Depreciation, depletion and amortization increased $26.2 million to $66.2 million for the
first nine months of 2011 as compared to an expense of $40.0 million for the first nine months of
2010. On a per unit basis, this expense increased from $1.87 to $2.12 per Mcfe. The rate is a
function of capitalized costs of proved properties, reserves and production by field.

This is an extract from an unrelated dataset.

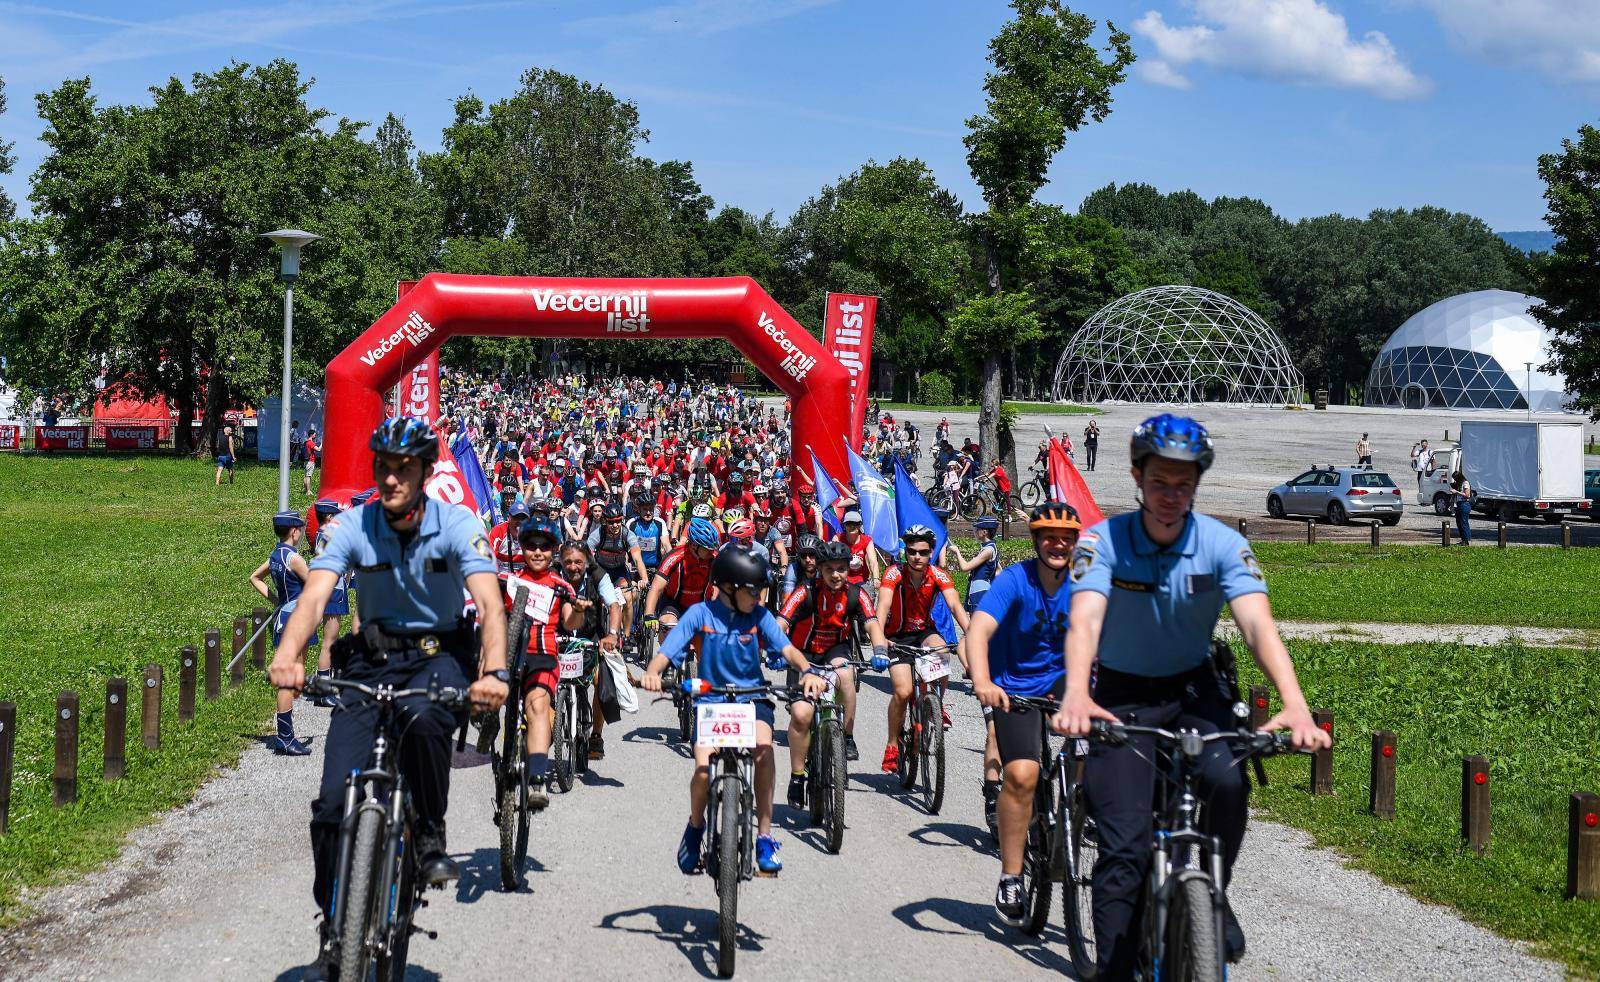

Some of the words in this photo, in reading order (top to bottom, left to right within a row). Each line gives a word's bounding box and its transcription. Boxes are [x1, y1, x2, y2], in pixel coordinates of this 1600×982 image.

Impairment expense increased from $2.5 million in the first nine months of 2010 to $16.5
million in the first nine months of 2011. This expense varies with the results of
drilling, as well as with price declines which may render some projects uneconomic, resulting in
impairment.
Accretion expense is related to our obligation for retirement of oil and natural gas wells and
facilities. We record these liabilities when we place the assets in service, using discounted
present values of the estimated future obligation. We then record accretion of the liabilities as
they approach maturity. Accretion expense was $1.4 million and $0.9 million for the first nine
months of 2011 and 2010, respectively. The increase was due to the acquisition of Meridian.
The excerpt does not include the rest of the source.